"Fourteen counting you?" he asked Woods.

"Yes."

Then they were all accounted for; two with the horses; eleven in the shed; Joe Woods in front of him.

"My cinch is loose," said Packard and dismounted, throwing the stirrup up across the saddle out of his way, his fingers going to the latigo which he had just loosened.

Woods watched him idly. Then suddenly both men looked toward the kitchen. The door had been slammed shut; there was a fairly hideous racket as of all of the cook's pots and pans falling together; after it a boom of laughter, and finally the cook's voice lifted querulously. Woods grinned. Unruffled by Packard's presence he said casually:

"Cookie mos' usually has the hell of a head after a night like las' night. The boys knows it an' has a little fun with him!"

The two men harnessing the horses had evidently guessed as did Woods what was happening in the cook's domain; at any rate, they hastily tied the horses and hurried to see. Packard, still busied with his latigo, saw them and watched them until the door had shut behind them.
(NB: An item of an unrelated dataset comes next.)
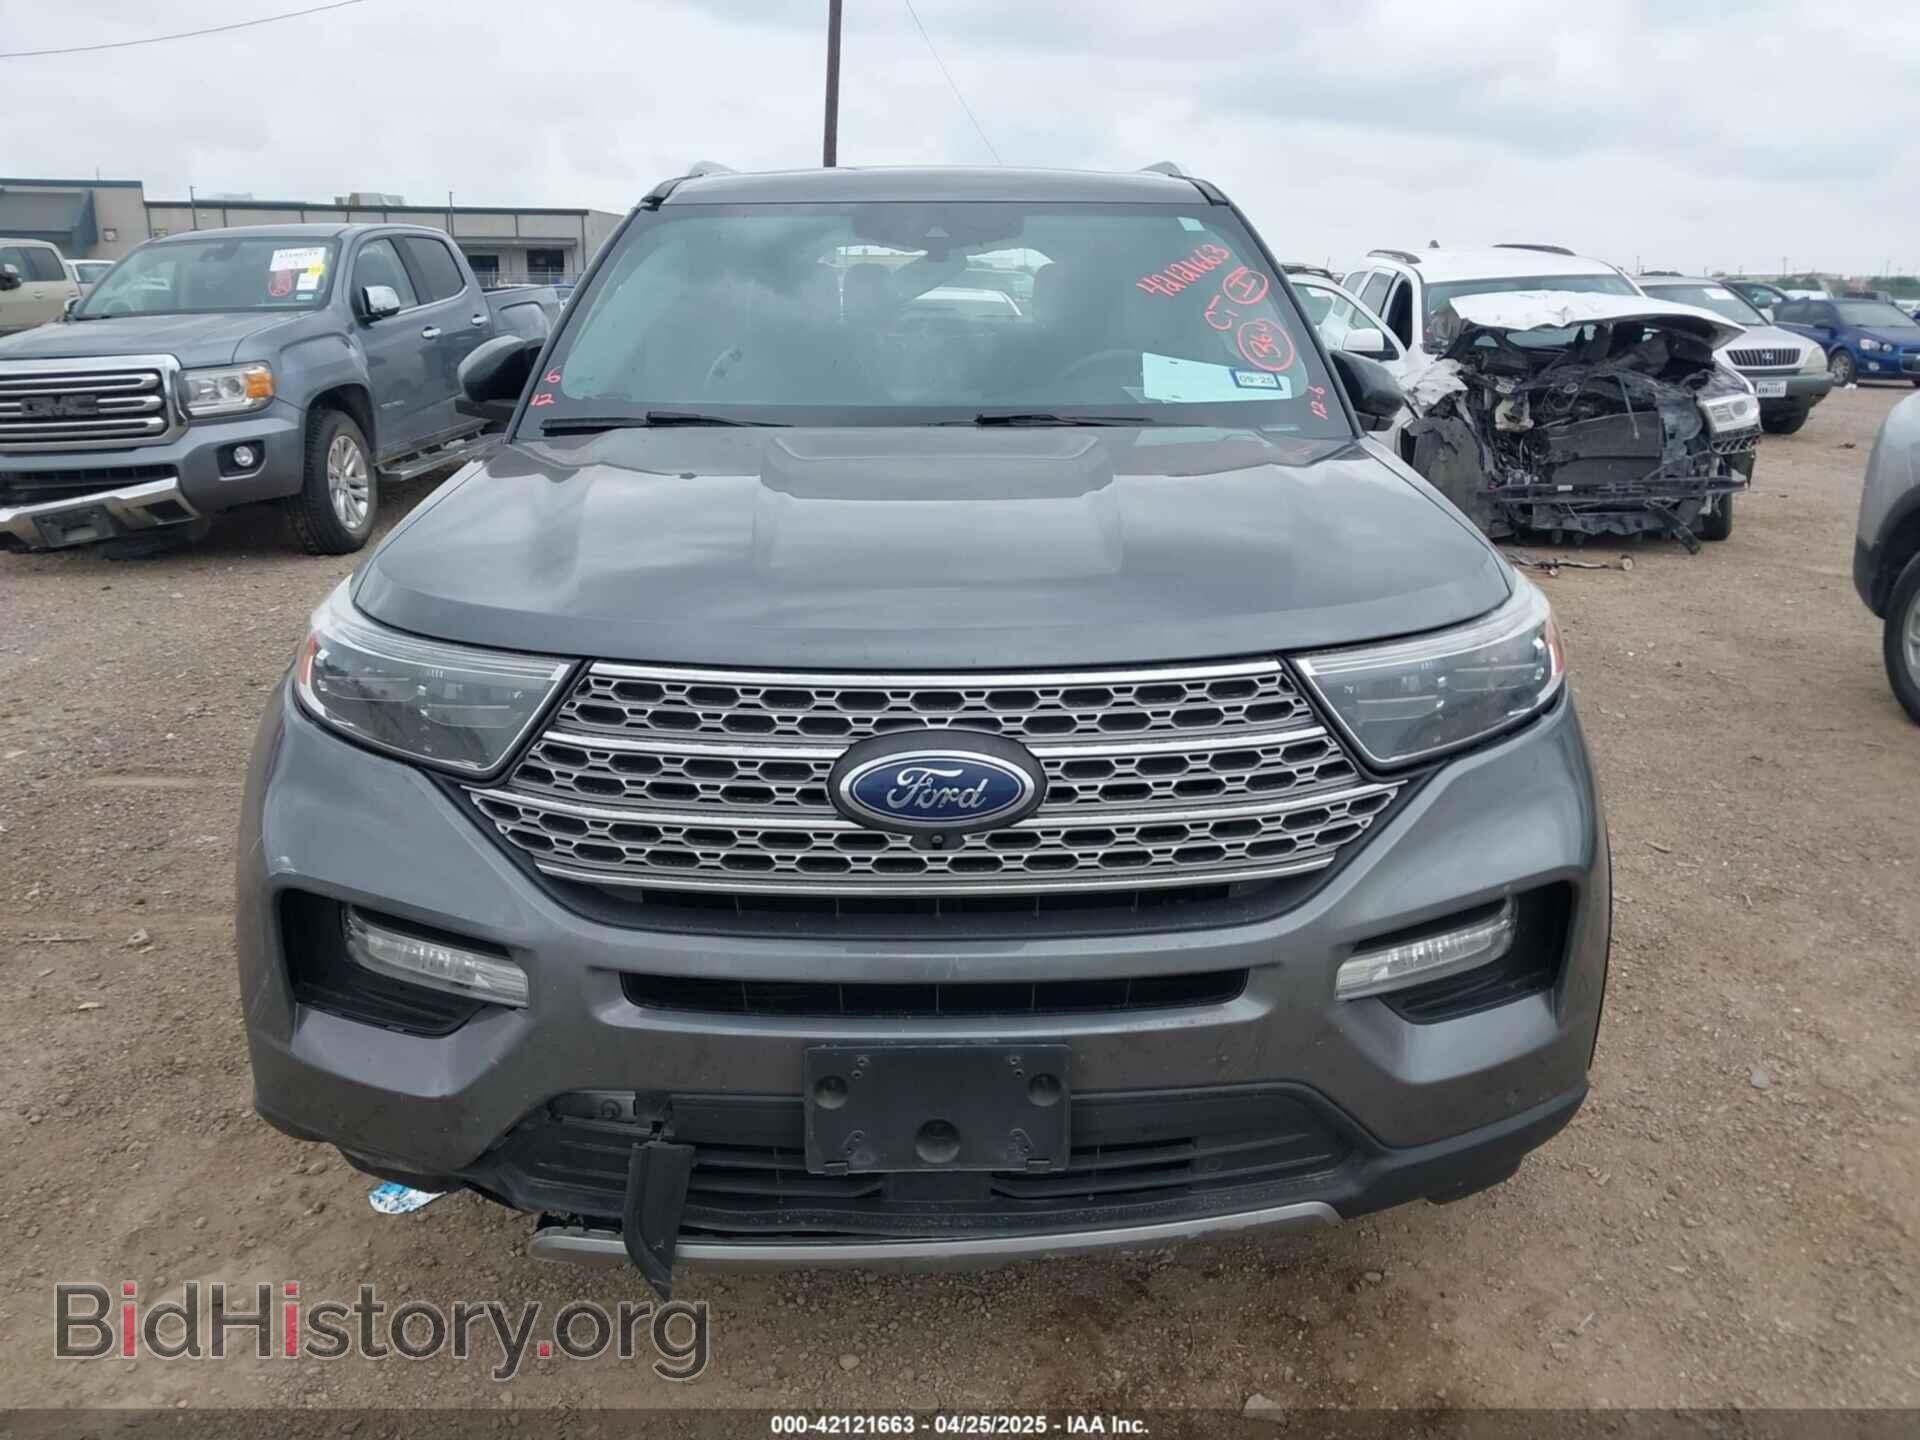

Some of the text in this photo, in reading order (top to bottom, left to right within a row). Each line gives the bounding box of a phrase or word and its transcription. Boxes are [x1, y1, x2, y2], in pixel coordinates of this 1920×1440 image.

His horse stood between him and Woods. He tickled the animal in the flank; it spun about, pulling back, plunging, drawing Woods's eyes. And the next thing which Woods clearly understood was that Steve Packard was upon him, that one of Packard's hands was at his throat, that the other had gone for the gun on Woods's hip and had gotten it.

"Back into your shack!" commanded Packard, jabbing the muzzle of Woods's big automatic hard into Woods's ribs. "Quick!"

To himself just now Steve had said: "One man against the crowd of them, he could do nothing!" Just exactly what Woods would be thinking; what Blenham inside would be thinking; just exactly what the rest of the men thought since they turned their backs on him and forgot him in their sport of badgering the cook.